BEGIN

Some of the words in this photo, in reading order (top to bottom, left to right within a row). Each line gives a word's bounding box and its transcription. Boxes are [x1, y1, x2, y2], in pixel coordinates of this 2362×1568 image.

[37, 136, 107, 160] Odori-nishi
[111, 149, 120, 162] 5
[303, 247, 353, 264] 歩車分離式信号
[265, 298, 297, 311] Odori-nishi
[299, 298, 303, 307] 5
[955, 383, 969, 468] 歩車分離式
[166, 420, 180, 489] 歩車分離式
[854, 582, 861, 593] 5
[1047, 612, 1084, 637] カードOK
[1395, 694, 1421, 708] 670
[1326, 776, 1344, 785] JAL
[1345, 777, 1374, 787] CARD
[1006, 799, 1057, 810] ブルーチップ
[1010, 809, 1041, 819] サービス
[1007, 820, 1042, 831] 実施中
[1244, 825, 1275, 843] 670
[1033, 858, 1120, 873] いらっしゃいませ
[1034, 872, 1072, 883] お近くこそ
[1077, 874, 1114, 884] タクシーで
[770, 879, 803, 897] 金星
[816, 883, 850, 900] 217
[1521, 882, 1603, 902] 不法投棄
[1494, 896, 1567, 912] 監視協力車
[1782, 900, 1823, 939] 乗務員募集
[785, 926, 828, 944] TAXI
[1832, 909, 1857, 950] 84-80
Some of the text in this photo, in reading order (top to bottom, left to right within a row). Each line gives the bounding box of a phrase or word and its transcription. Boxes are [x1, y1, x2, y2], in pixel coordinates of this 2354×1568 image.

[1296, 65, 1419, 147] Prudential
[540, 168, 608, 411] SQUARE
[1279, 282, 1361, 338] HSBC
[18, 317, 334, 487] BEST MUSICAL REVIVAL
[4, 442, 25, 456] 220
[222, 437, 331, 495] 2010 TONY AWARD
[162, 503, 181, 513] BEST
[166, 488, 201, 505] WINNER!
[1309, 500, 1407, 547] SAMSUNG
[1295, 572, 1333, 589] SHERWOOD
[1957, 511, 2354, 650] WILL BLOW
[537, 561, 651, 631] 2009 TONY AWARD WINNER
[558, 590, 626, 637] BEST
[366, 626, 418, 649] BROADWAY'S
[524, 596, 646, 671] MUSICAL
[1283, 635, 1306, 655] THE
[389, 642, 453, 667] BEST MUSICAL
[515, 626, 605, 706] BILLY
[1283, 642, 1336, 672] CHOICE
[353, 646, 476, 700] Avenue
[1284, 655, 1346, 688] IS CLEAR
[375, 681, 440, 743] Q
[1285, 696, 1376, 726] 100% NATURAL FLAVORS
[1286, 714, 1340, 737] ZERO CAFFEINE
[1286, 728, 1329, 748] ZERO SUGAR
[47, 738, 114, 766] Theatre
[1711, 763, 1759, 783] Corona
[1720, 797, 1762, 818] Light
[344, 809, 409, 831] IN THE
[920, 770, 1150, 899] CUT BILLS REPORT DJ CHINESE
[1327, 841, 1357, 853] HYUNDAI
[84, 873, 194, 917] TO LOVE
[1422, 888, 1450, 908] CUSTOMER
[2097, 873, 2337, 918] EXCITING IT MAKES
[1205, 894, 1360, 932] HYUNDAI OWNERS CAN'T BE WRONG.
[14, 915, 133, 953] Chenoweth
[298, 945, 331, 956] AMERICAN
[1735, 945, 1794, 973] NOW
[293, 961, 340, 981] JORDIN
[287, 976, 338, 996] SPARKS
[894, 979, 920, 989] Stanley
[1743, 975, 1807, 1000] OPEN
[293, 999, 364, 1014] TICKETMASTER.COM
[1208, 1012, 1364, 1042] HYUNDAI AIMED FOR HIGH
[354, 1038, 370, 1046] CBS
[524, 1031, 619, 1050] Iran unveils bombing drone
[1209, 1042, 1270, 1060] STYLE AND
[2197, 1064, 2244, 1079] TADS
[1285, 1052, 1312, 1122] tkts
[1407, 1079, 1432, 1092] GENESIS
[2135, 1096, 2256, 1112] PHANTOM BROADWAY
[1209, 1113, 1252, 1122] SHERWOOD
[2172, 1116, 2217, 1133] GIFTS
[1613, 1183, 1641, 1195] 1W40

END

▸ **What to produce**: Write each entry out again. Do not change a word.

▸ **Result of the task**:
Some of the words in this photo, in reading order (top to bottom, left to right within a row). Each line gives a word's bounding box and its transcription. Boxes are [x1, y1, x2, y2], in pixel coordinates of this 2362×1568 image.

[37, 136, 107, 160] Odori-nishi
[111, 149, 120, 162] 5
[303, 247, 353, 264] 歩車分離式信号
[265, 298, 297, 311] Odori-nishi
[299, 298, 303, 307] 5
[955, 383, 969, 468] 歩車分離式
[166, 420, 180, 489] 歩車分離式
[854, 582, 861, 593] 5
[1047, 612, 1084, 637] カードOK
[1395, 694, 1421, 708] 670
[1326, 776, 1344, 785] JAL
[1345, 777, 1374, 787] CARD
[1006, 799, 1057, 810] ブルーチップ
[1010, 809, 1041, 819] サービス
[1007, 820, 1042, 831] 実施中
[1244, 825, 1275, 843] 670
[1033, 858, 1120, 873] いらっしゃいませ
[1034, 872, 1072, 883] お近くこそ
[1077, 874, 1114, 884] タクシーで
[770, 879, 803, 897] 金星
[816, 883, 850, 900] 217
[1521, 882, 1603, 902] 不法投棄
[1494, 896, 1567, 912] 監視協力車
[1782, 900, 1823, 939] 乗務員募集
[785, 926, 828, 944] TAXI
[1832, 909, 1857, 950] 84-80
Some of the text in this photo, in reading order (top to bottom, left to right within a row). Each line gives the bounding box of a phrase or word and its transcription. Boxes are [x1, y1, x2, y2], in pixel coordinates of this 2354×1568 image.

[1296, 65, 1419, 147] Prudential
[540, 168, 608, 411] SQUARE
[1279, 282, 1361, 338] HSBC
[18, 317, 334, 487] BEST MUSICAL REVIVAL
[4, 442, 25, 456] 220
[222, 437, 331, 495] 2010 TONY AWARD
[162, 503, 181, 513] BEST
[166, 488, 201, 505] WINNER!
[1309, 500, 1407, 547] SAMSUNG
[1295, 572, 1333, 589] SHERWOOD
[1957, 511, 2354, 650] WILL BLOW
[537, 561, 651, 631] 2009 TONY AWARD WINNER
[558, 590, 626, 637] BEST
[366, 626, 418, 649] BROADWAY'S
[524, 596, 646, 671] MUSICAL
[1283, 635, 1306, 655] THE
[389, 642, 453, 667] BEST MUSICAL
[515, 626, 605, 706] BILLY
[1283, 642, 1336, 672] CHOICE
[353, 646, 476, 700] Avenue
[1284, 655, 1346, 688] IS CLEAR
[375, 681, 440, 743] Q
[1285, 696, 1376, 726] 100% NATURAL FLAVORS
[1286, 714, 1340, 737] ZERO CAFFEINE
[1286, 728, 1329, 748] ZERO SUGAR
[47, 738, 114, 766] Theatre
[1711, 763, 1759, 783] Corona
[1720, 797, 1762, 818] Light
[344, 809, 409, 831] IN THE
[920, 770, 1150, 899] CUT BILLS REPORT DJ CHINESE
[1327, 841, 1357, 853] HYUNDAI
[84, 873, 194, 917] TO LOVE
[1422, 888, 1450, 908] CUSTOMER
[2097, 873, 2337, 918] EXCITING IT MAKES
[1205, 894, 1360, 932] HYUNDAI OWNERS CAN'T BE WRONG.
[14, 915, 133, 953] Chenoweth
[298, 945, 331, 956] AMERICAN
[1735, 945, 1794, 973] NOW
[293, 961, 340, 981] JORDIN
[287, 976, 338, 996] SPARKS
[894, 979, 920, 989] Stanley
[1743, 975, 1807, 1000] OPEN
[293, 999, 364, 1014] TICKETMASTER.COM
[1208, 1012, 1364, 1042] HYUNDAI AIMED FOR HIGH
[354, 1038, 370, 1046] CBS
[524, 1031, 619, 1050] Iran unveils bombing drone
[1209, 1042, 1270, 1060] STYLE AND
[2197, 1064, 2244, 1079] TADS
[1285, 1052, 1312, 1122] tkts
[1407, 1079, 1432, 1092] GENESIS
[2135, 1096, 2256, 1112] PHANTOM BROADWAY
[1209, 1113, 1252, 1122] SHERWOOD
[2172, 1116, 2217, 1133] GIFTS
[1613, 1183, 1641, 1195] 1W40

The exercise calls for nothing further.